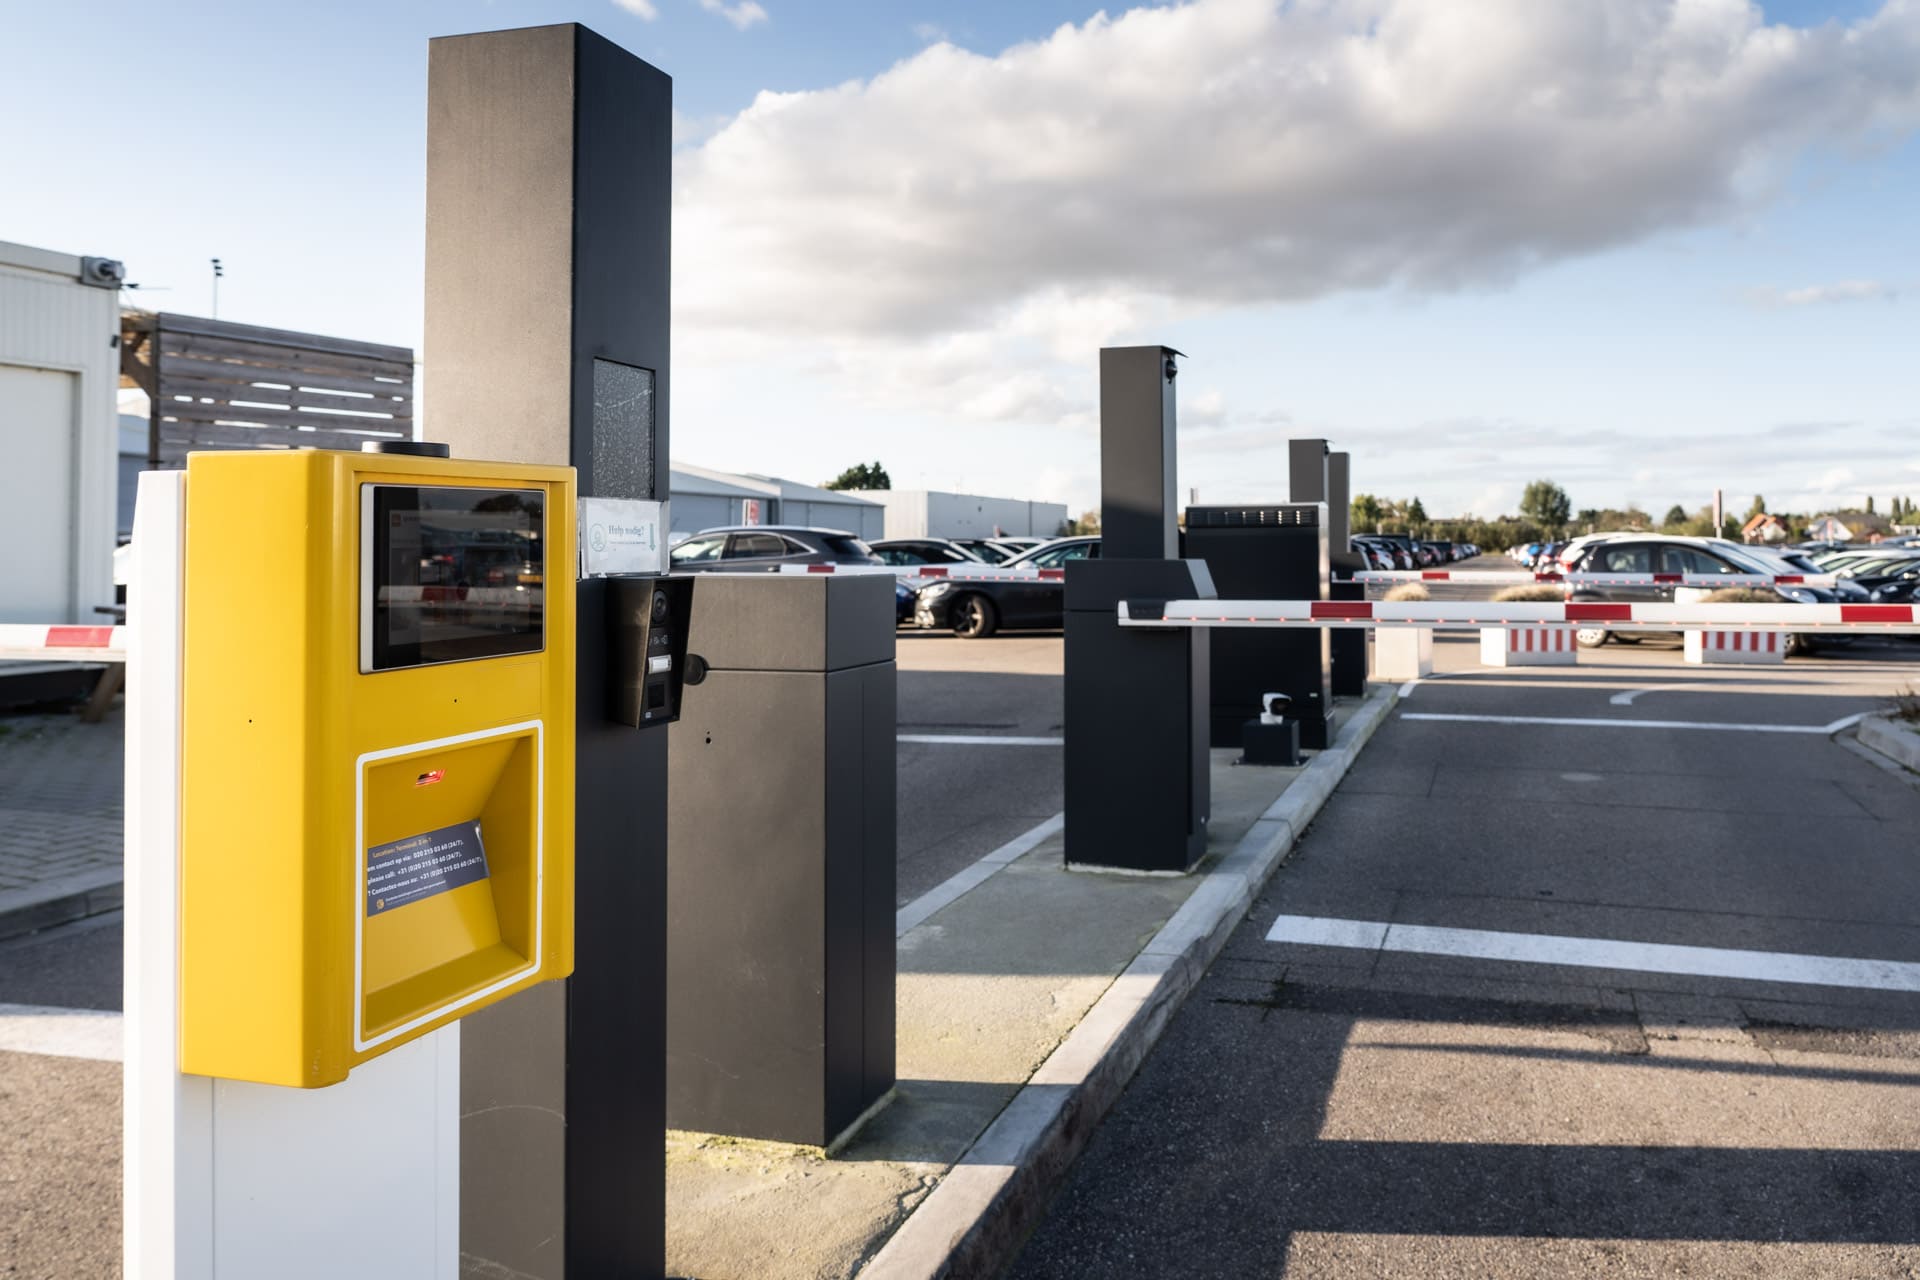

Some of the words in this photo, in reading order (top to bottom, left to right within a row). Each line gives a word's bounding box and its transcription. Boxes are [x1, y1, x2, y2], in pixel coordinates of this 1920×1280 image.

[608, 524, 624, 536] Help
[376, 860, 395, 869] contact
[367, 876, 384, 886] please
[408, 863, 422, 872] (0)20
[371, 880, 410, 895] Contactez-nous
[430, 869, 443, 878] (0)20
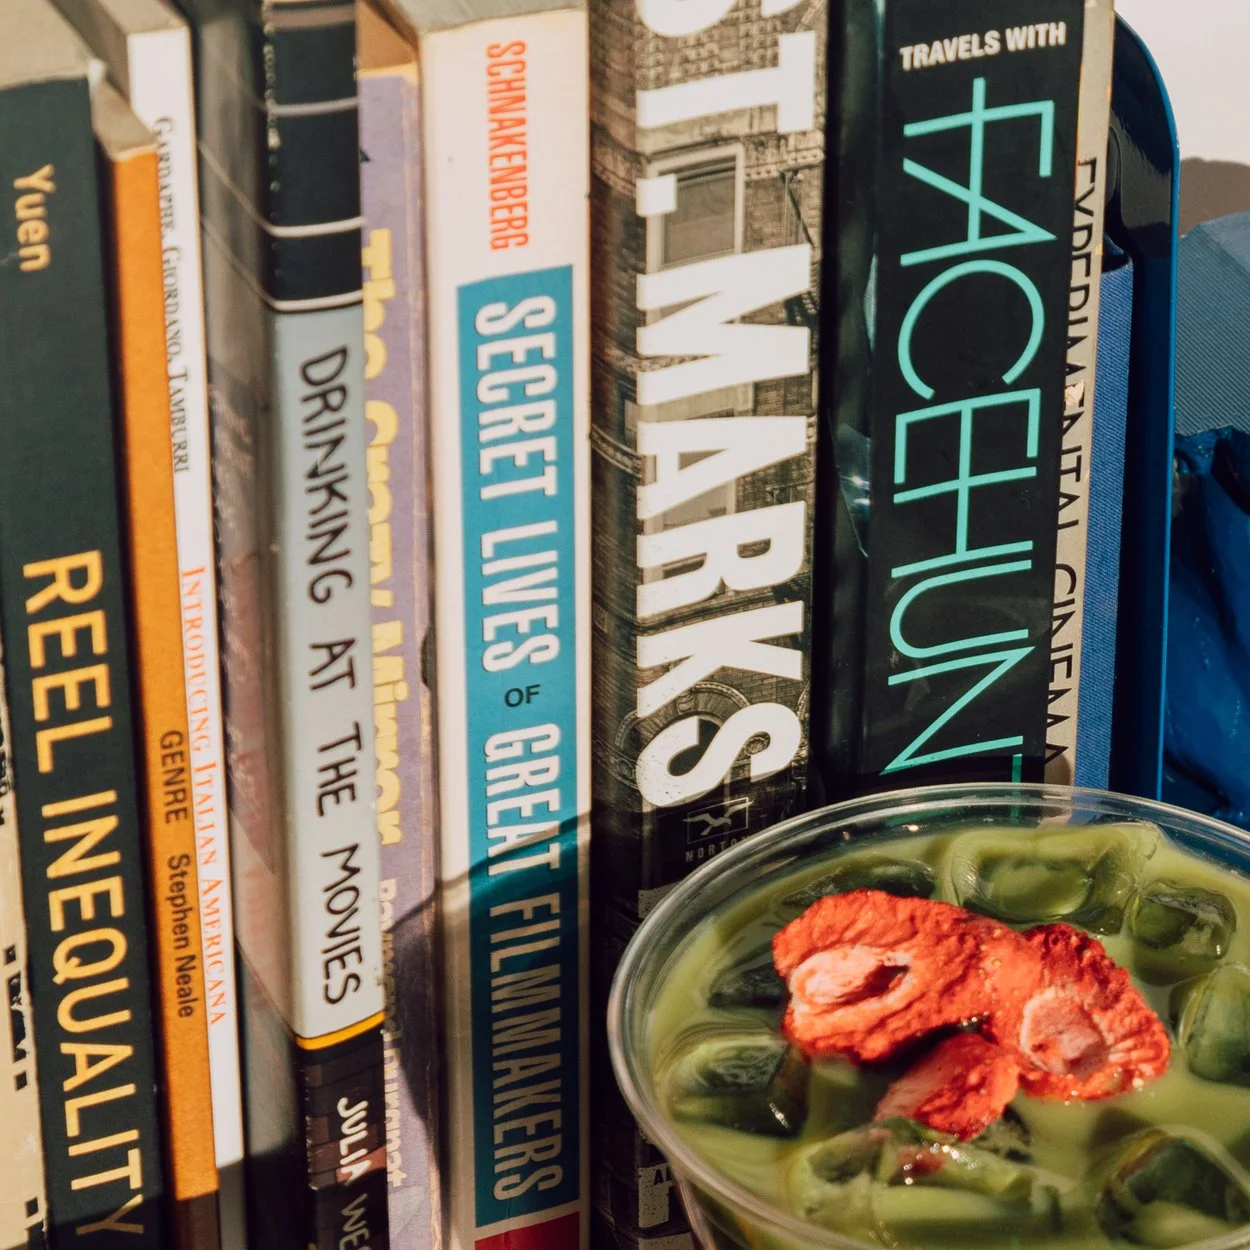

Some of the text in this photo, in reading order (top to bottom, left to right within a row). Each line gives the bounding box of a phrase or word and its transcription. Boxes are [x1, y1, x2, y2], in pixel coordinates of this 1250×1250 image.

----------------

◆ AIM OF THE TASK ◆
What is needed is an exact copy of the data, with the pictures removed.

◆ COMPLETED EXERCISE ◆
Some of the words in this photo, in reading order (top to bottom, left to right within a row). Each line gives a word's bounding box and its transcription. Boxes are [x1, y1, x2, y2], in pixel coordinates of this 1920×1280 image.

[608, 524, 624, 536] Help
[376, 860, 395, 869] contact
[367, 876, 384, 886] please
[408, 863, 422, 872] (0)20
[371, 880, 410, 895] Contactez-nous
[430, 869, 443, 878] (0)20

Some of the text in this photo, in reading order (top to bottom, left to right within a row). Each line gives the bounding box of a phrase or word and its transcription. Boxes are [x1, y1, x2, y2], in pixel coordinates of this 1250×1250 image.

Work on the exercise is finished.